**Exercise objective:**
Could you output each line of the data that follows exactly?

**Exercise materials:**
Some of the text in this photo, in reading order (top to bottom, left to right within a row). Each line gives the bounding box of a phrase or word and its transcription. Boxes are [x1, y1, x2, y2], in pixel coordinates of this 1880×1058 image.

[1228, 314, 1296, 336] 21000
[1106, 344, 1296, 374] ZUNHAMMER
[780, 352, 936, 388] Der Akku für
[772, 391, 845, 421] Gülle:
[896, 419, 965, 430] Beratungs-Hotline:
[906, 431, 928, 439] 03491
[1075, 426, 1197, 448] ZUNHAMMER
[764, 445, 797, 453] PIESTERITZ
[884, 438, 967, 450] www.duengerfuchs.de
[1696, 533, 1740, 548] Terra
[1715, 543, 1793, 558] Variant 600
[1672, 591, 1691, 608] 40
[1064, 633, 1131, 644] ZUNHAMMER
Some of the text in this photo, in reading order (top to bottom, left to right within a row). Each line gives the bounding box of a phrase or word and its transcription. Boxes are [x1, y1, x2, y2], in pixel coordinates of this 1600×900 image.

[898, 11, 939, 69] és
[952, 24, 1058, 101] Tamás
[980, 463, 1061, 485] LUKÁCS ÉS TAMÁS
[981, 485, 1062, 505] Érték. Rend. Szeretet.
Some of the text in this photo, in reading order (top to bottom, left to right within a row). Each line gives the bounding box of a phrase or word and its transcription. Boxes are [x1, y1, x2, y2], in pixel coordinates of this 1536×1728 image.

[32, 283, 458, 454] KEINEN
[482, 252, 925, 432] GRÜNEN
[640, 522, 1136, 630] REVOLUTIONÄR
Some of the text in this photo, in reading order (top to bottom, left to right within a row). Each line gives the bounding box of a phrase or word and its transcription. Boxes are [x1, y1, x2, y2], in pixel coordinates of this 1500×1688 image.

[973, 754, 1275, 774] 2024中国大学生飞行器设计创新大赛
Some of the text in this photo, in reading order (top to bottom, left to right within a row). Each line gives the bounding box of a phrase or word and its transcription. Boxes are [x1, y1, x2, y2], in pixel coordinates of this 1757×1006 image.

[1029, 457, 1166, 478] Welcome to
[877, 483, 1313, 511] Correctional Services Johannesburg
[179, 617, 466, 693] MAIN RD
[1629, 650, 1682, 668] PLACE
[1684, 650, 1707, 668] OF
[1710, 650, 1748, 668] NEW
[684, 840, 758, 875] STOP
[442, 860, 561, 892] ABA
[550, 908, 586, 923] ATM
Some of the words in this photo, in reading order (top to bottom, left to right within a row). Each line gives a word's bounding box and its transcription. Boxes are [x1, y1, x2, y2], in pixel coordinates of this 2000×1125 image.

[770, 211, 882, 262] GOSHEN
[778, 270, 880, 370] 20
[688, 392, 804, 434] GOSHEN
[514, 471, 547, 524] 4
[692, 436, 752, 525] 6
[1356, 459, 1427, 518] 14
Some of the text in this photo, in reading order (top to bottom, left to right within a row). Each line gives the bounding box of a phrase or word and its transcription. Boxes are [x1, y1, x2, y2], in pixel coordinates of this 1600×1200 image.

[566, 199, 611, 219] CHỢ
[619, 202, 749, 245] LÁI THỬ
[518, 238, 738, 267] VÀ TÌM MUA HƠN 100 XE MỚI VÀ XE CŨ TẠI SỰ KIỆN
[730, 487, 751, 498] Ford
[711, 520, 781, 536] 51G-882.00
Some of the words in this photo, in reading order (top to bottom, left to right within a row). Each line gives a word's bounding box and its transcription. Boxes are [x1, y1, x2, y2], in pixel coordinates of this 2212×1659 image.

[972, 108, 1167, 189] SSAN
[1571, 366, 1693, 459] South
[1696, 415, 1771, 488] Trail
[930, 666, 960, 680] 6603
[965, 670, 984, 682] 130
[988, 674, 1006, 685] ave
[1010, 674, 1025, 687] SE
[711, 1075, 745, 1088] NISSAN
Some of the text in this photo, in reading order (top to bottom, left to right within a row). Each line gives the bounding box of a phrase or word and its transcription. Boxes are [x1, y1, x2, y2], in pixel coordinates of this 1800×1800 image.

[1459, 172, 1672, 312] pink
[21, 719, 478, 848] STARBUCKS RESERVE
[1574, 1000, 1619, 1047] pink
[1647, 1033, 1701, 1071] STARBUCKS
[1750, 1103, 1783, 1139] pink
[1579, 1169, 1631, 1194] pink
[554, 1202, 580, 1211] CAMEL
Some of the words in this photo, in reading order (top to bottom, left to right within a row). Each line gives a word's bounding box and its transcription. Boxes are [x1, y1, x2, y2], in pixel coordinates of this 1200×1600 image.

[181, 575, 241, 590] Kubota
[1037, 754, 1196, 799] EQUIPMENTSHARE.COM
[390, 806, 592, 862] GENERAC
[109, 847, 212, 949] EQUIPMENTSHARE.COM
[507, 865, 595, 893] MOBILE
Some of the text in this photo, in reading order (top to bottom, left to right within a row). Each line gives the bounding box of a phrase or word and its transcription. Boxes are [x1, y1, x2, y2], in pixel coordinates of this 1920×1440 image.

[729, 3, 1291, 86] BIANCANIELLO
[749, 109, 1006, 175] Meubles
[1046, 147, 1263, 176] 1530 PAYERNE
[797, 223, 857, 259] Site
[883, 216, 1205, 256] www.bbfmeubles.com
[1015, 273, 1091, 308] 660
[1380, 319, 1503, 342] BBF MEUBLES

**Result of this task:**
Some of the text in this photo, in reading order (top to bottom, left to right within a row). Each line gives the bounding box of a phrase or word and its transcription. Boxes are [x1, y1, x2, y2], in pixel coordinates of this 1880×1058 image.

[1228, 314, 1296, 336] 21000
[1106, 344, 1296, 374] ZUNHAMMER
[780, 352, 936, 388] Der Akku für
[772, 391, 845, 421] Gülle:
[896, 419, 965, 430] Beratungs-Hotline:
[906, 431, 928, 439] 03491
[1075, 426, 1197, 448] ZUNHAMMER
[764, 445, 797, 453] PIESTERITZ
[884, 438, 967, 450] www.duengerfuchs.de
[1696, 533, 1740, 548] Terra
[1715, 543, 1793, 558] Variant 600
[1672, 591, 1691, 608] 40
[1064, 633, 1131, 644] ZUNHAMMER
Some of the text in this photo, in reading order (top to bottom, left to right within a row). Each line gives the bounding box of a phrase or word and its transcription. Boxes are [x1, y1, x2, y2], in pixel coordinates of this 1600×900 image.

[898, 11, 939, 69] és
[952, 24, 1058, 101] Tamás
[980, 463, 1061, 485] LUKÁCS ÉS TAMÁS
[981, 485, 1062, 505] Érték. Rend. Szeretet.
Some of the text in this photo, in reading order (top to bottom, left to right within a row). Each line gives the bounding box of a phrase or word and its transcription. Boxes are [x1, y1, x2, y2], in pixel coordinates of this 1536×1728 image.

[32, 283, 458, 454] KEINEN
[482, 252, 925, 432] GRÜNEN
[640, 522, 1136, 630] REVOLUTIONÄR
Some of the text in this photo, in reading order (top to bottom, left to right within a row). Each line gives the bounding box of a phrase or word and its transcription. Boxes are [x1, y1, x2, y2], in pixel coordinates of this 1500×1688 image.

[973, 754, 1275, 774] 2024中国大学生飞行器设计创新大赛
Some of the text in this photo, in reading order (top to bottom, left to right within a row). Each line gives the bounding box of a phrase or word and its transcription. Boxes are [x1, y1, x2, y2], in pixel coordinates of this 1757×1006 image.

[1029, 457, 1166, 478] Welcome to
[877, 483, 1313, 511] Correctional Services Johannesburg
[179, 617, 466, 693] MAIN RD
[1629, 650, 1682, 668] PLACE
[1684, 650, 1707, 668] OF
[1710, 650, 1748, 668] NEW
[684, 840, 758, 875] STOP
[442, 860, 561, 892] ABA
[550, 908, 586, 923] ATM
Some of the words in this photo, in reading order (top to bottom, left to right within a row). Each line gives a word's bounding box and its transcription. Boxes are [x1, y1, x2, y2], in pixel coordinates of this 2000×1125 image.

[770, 211, 882, 262] GOSHEN
[778, 270, 880, 370] 20
[688, 392, 804, 434] GOSHEN
[514, 471, 547, 524] 4
[692, 436, 752, 525] 6
[1356, 459, 1427, 518] 14
Some of the text in this photo, in reading order (top to bottom, left to right within a row). Each line gives the bounding box of a phrase or word and its transcription. Boxes are [x1, y1, x2, y2], in pixel coordinates of this 1600×1200 image.

[566, 199, 611, 219] CHỢ
[619, 202, 749, 245] LÁI THỬ
[518, 238, 738, 267] VÀ TÌM MUA HƠN 100 XE MỚI VÀ XE CŨ TẠI SỰ KIỆN
[730, 487, 751, 498] Ford
[711, 520, 781, 536] 51G-882.00
Some of the words in this photo, in reading order (top to bottom, left to right within a row). Each line gives a word's bounding box and its transcription. Boxes are [x1, y1, x2, y2], in pixel coordinates of this 2212×1659 image.

[972, 108, 1167, 189] SSAN
[1571, 366, 1693, 459] South
[1696, 415, 1771, 488] Trail
[930, 666, 960, 680] 6603
[965, 670, 984, 682] 130
[988, 674, 1006, 685] ave
[1010, 674, 1025, 687] SE
[711, 1075, 745, 1088] NISSAN
Some of the text in this photo, in reading order (top to bottom, left to right within a row). Each line gives the bounding box of a phrase or word and its transcription. Boxes are [x1, y1, x2, y2], in pixel coordinates of this 1800×1800 image.

[1459, 172, 1672, 312] pink
[21, 719, 478, 848] STARBUCKS RESERVE
[1574, 1000, 1619, 1047] pink
[1647, 1033, 1701, 1071] STARBUCKS
[1750, 1103, 1783, 1139] pink
[1579, 1169, 1631, 1194] pink
[554, 1202, 580, 1211] CAMEL
Some of the words in this photo, in reading order (top to bottom, left to right within a row). Each line gives a word's bounding box and its transcription. Boxes are [x1, y1, x2, y2], in pixel coordinates of this 1200×1600 image.

[181, 575, 241, 590] Kubota
[1037, 754, 1196, 799] EQUIPMENTSHARE.COM
[390, 806, 592, 862] GENERAC
[109, 847, 212, 949] EQUIPMENTSHARE.COM
[507, 865, 595, 893] MOBILE
Some of the text in this photo, in reading order (top to bottom, left to right within a row). Each line gives the bounding box of a phrase or word and its transcription. Boxes are [x1, y1, x2, y2], in pixel coordinates of this 1920×1440 image.

[729, 3, 1291, 86] BIANCANIELLO
[749, 109, 1006, 175] Meubles
[1046, 147, 1263, 176] 1530 PAYERNE
[797, 223, 857, 259] Site
[883, 216, 1205, 256] www.bbfmeubles.com
[1015, 273, 1091, 308] 660
[1380, 319, 1503, 342] BBF MEUBLES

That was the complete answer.